И все утешались одним —
что, к счастью, мертвы. И что можно
теперь жить и мертвыми им,
за вечность цепляясь безбожно.

3

Всё, говорили, дорога открыта:
сделают визу, поставят печать…
Что было в жизни важнее корыта,
круче, чем после молчанья — мычать?!

Сдать был готов уже всё, что когда-то
грело души его храмину, Хам
ради свободы, что девкой поддатой
в банк заявлялась, как в баню, и в храм.

Лучше б твои опустели глазницы,
думал я, лучше бы, Хам, ты оглох,
лишь бы сей девкой не смог соблазниться,
той, для которой, хоть лопни, ты — лох.

Лучше б, как трус, ты бежал с поля боя,
драпал, боясь обернуться назад,
где над тобой все еще голубое
мазал уже чем-то грязным закат…

Лучше б ты сдался тогда ханаитам,
Что — я-то знаю, о чем говорю, —
может, и били б тебя по ланитам,
но не убили бы душу твою.

4

Здесь смерть прибирала так просто,
как будто белье со двора.
Уж не было мест на погосте
для всех, кому было пора.

Губила, рубила, косила,
гребла, перекрыв кислород,
ее озверелая сила
раздавленный правдой народ.

Яд лила беспечному в ухо,
увечного била как дичь,
чтоб уж человечьего духа
нигде не осталось опричь.

"Когда ж этот род прекратится?" —
один задавали вопрос
и Лондон надменный, и Ницца,
и даже смешной Барбадос.

Для прав и свобод не пригодный,
народ сей дремучий, честной,
мутнея, мелел, как Обводный
канал с каждой новой весной.

Как воины в братские ямы,
ложились в земли закрома
бесценные в прошлом Иваны.
Ложились уже задарма.

А смерти не ждать надлежало
до завтра, но с криком "ура!",
как в гада, вонзать свое жало
в еще чуть живое вчера,

чтоб сняли и Лондон, и Ницца
проклятый вопрос свой, и мог
им зверь наконец-то явиться
из бездны, прекрасный как бог,

языков знаток и наречий…
Чтоб даже смешной Барбадос,
про облик забыв человечий,
тут с ним целовался взасос.

5

Помню, роптал я:
"Сколь еще мне
жить, пропадая,
как на войне,

суп из эрзаца
лаптем хлебать,
не поступаться,
не отступать,

не возноситься,
не поносить
и власяницу
страха носить?"

Лезли из кожи
ражие лишь…
Плакал я: "Боже,
что ж Ты молчишь?

Или же этот
крестный мой путь —
только Твой метод
дар свой вернуть,

тот, что в конверте
сердца таю —
память о тверди,
жизни в раю?"

Небо молчало,
люд все мельчал…
И, одичалый,
я обличал:

"Сжав мое эго,
жалить больней —
альфа с омегой
пьесы Твоей!

Нет мне в помине
права на рай.
Пламенем синим
лишь выгорай

с тихой надеждой,
что за все то —
в белых одеждах,
бывший никто,

явишься снова
в дом свой, где свет,
слава и слово.
И смерти нет.
А не, голимый,
ляжешь, чтоб стать
ржавою глиной
здесь лет за пять…"

6

Когда не видно в темноте
и немота подлей навета,
то можно сделать то и это,
и с вас потом не спросят те,

что в вас так верили.
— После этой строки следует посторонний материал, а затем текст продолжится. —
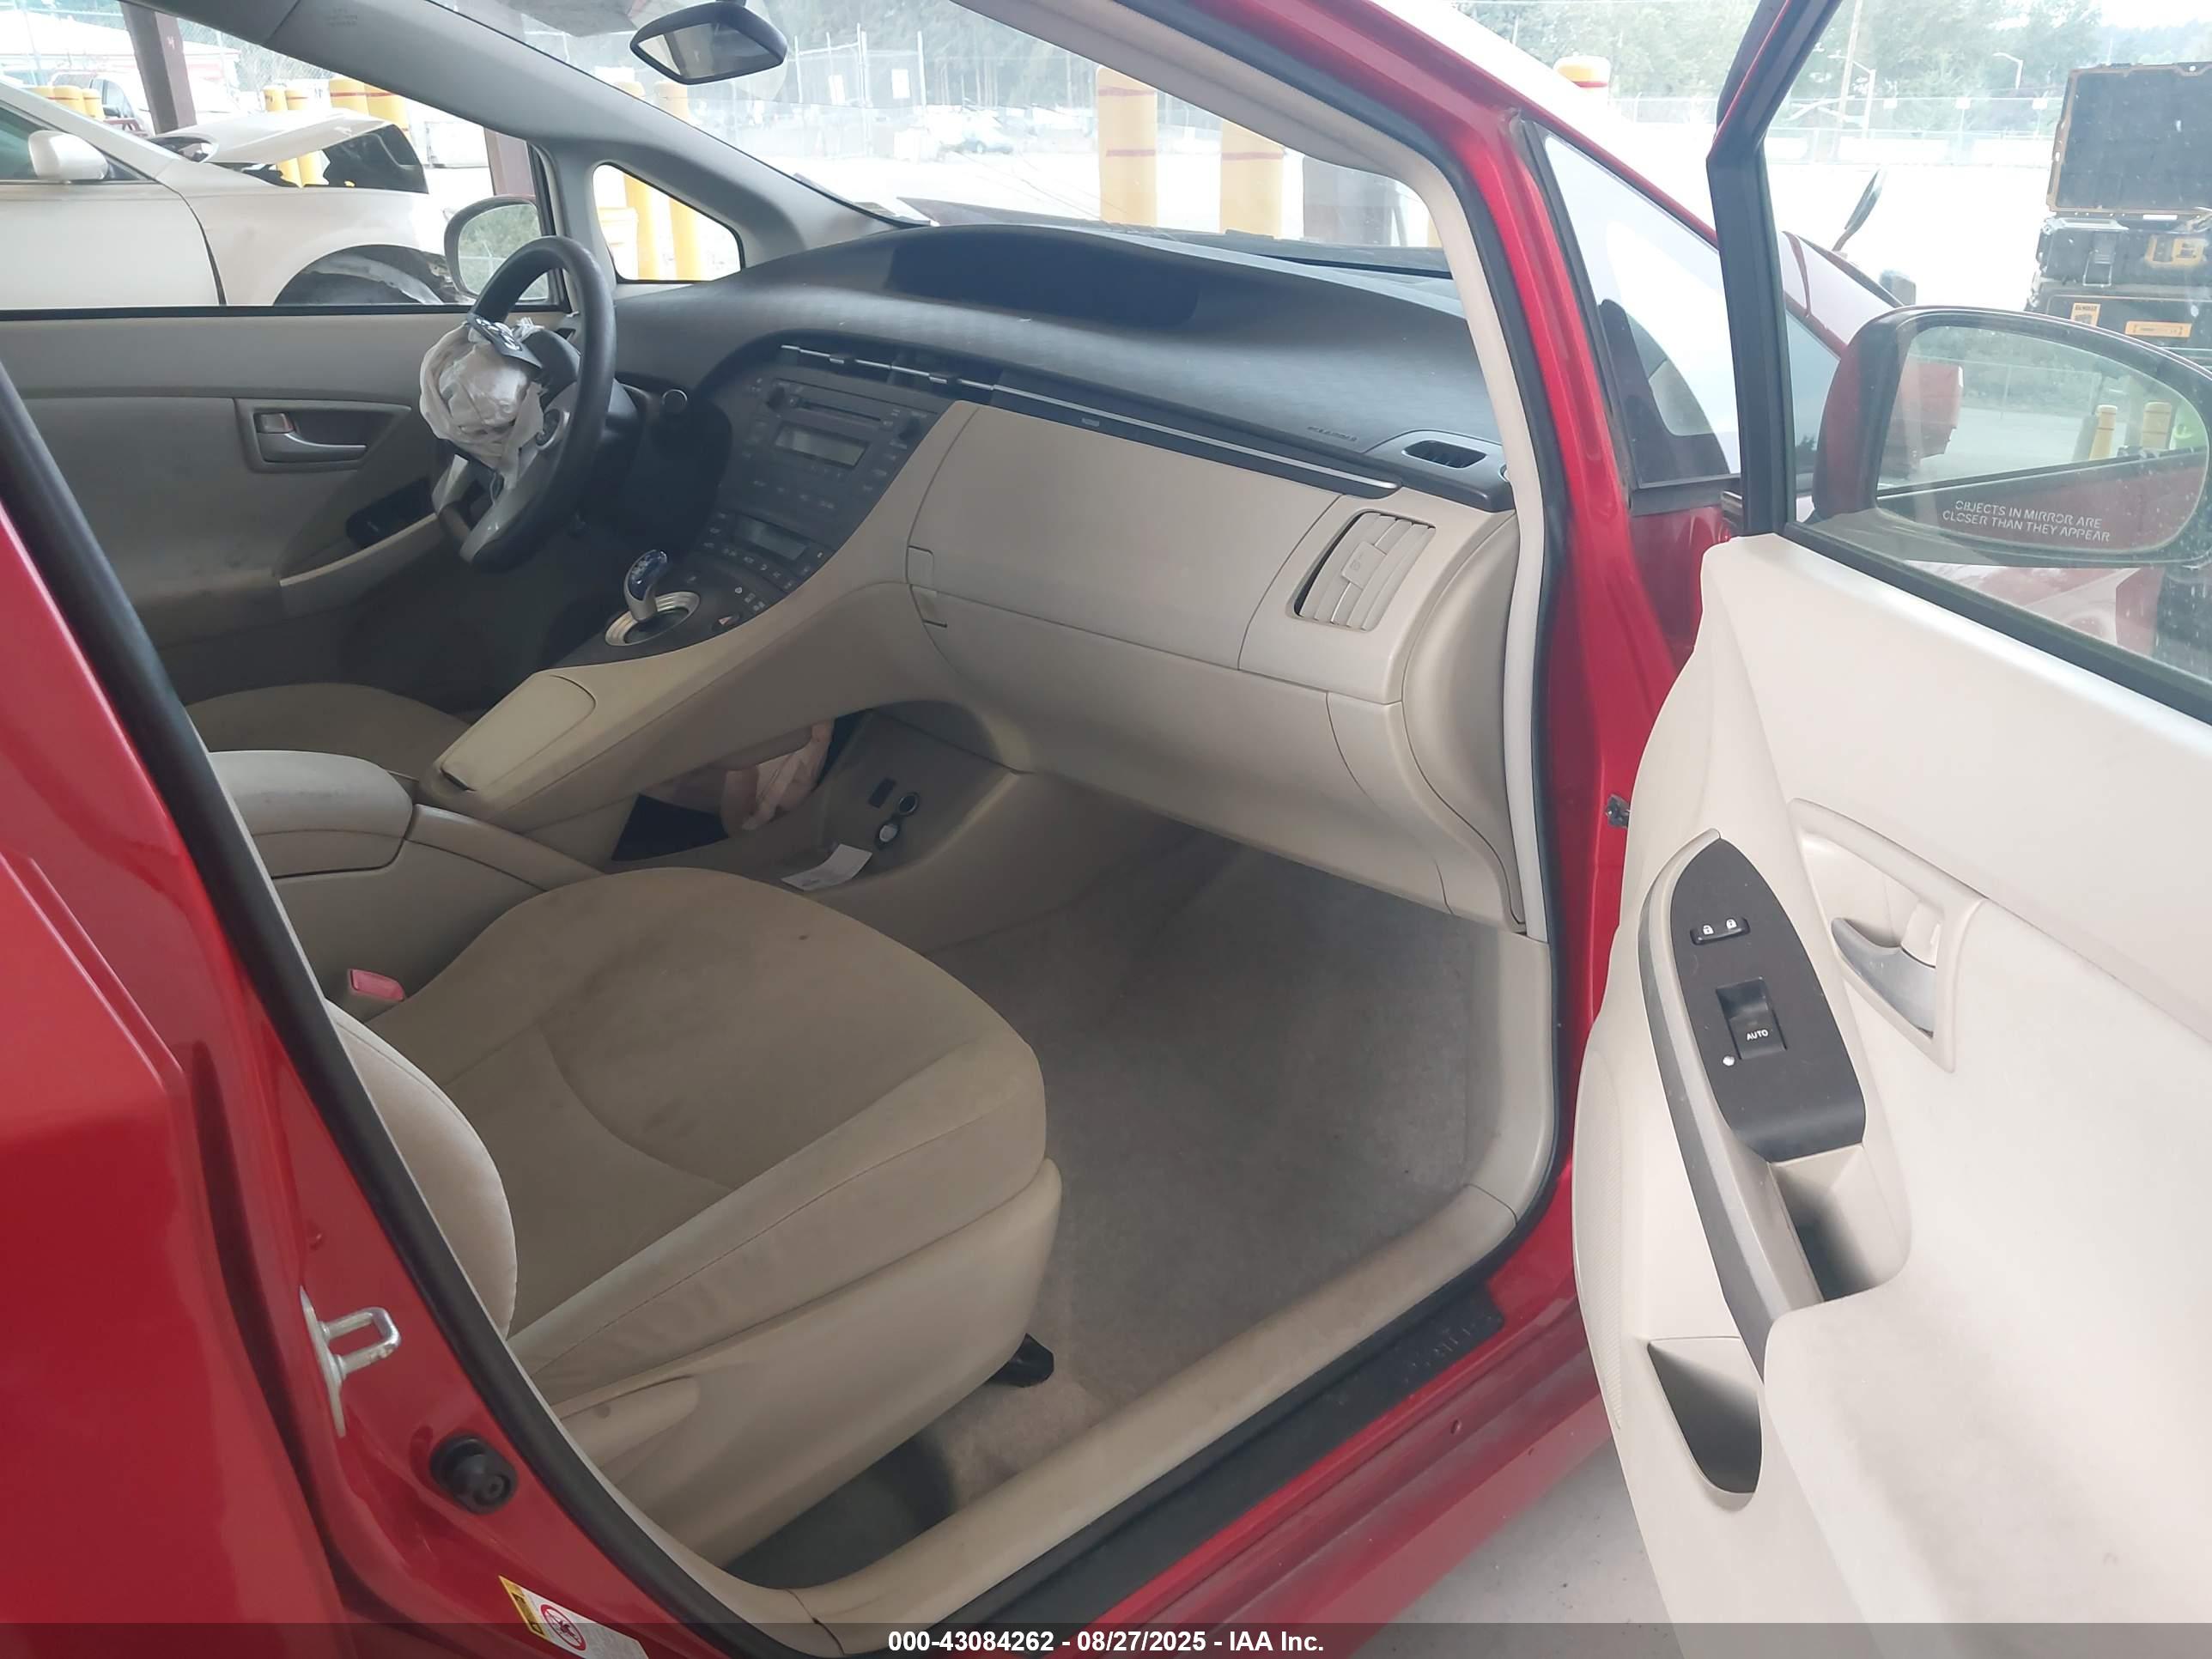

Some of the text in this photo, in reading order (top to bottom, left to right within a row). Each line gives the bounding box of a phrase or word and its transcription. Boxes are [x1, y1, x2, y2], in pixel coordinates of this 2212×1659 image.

[1942, 510, 2111, 543] CLOSER THAN THEY APPEAR
[1955, 500, 2103, 529] OBJECTS IN MIRROR ARE
[1746, 1029, 1770, 1042] AUTO
Та рать,
что, на призыв ваш рвать тенёты,
шла, как штрафник на пулеметы,
за вашу правду умирать.

Мечталось им — забрезжит свет,
казалось — вот еще немного…
Но в бездну всякая дорога,
коль Бога не было и нет.

Едва не рухнула страна,
покрыла все неразбериха.
И вы живете ныне тихо.
И ваша правда — где она?

Коль жизнь — лишь формула борьбы,
то светлый путь — тропа во мраке.
Вот и свобода ваша — враки,
куда ни глянь — рабов горбы.

В толпе огромной — ни души.
Пешком отсюда до Китая
Пройдешь, и где ты, Русь святая?
В какой дыре, в какой глуши?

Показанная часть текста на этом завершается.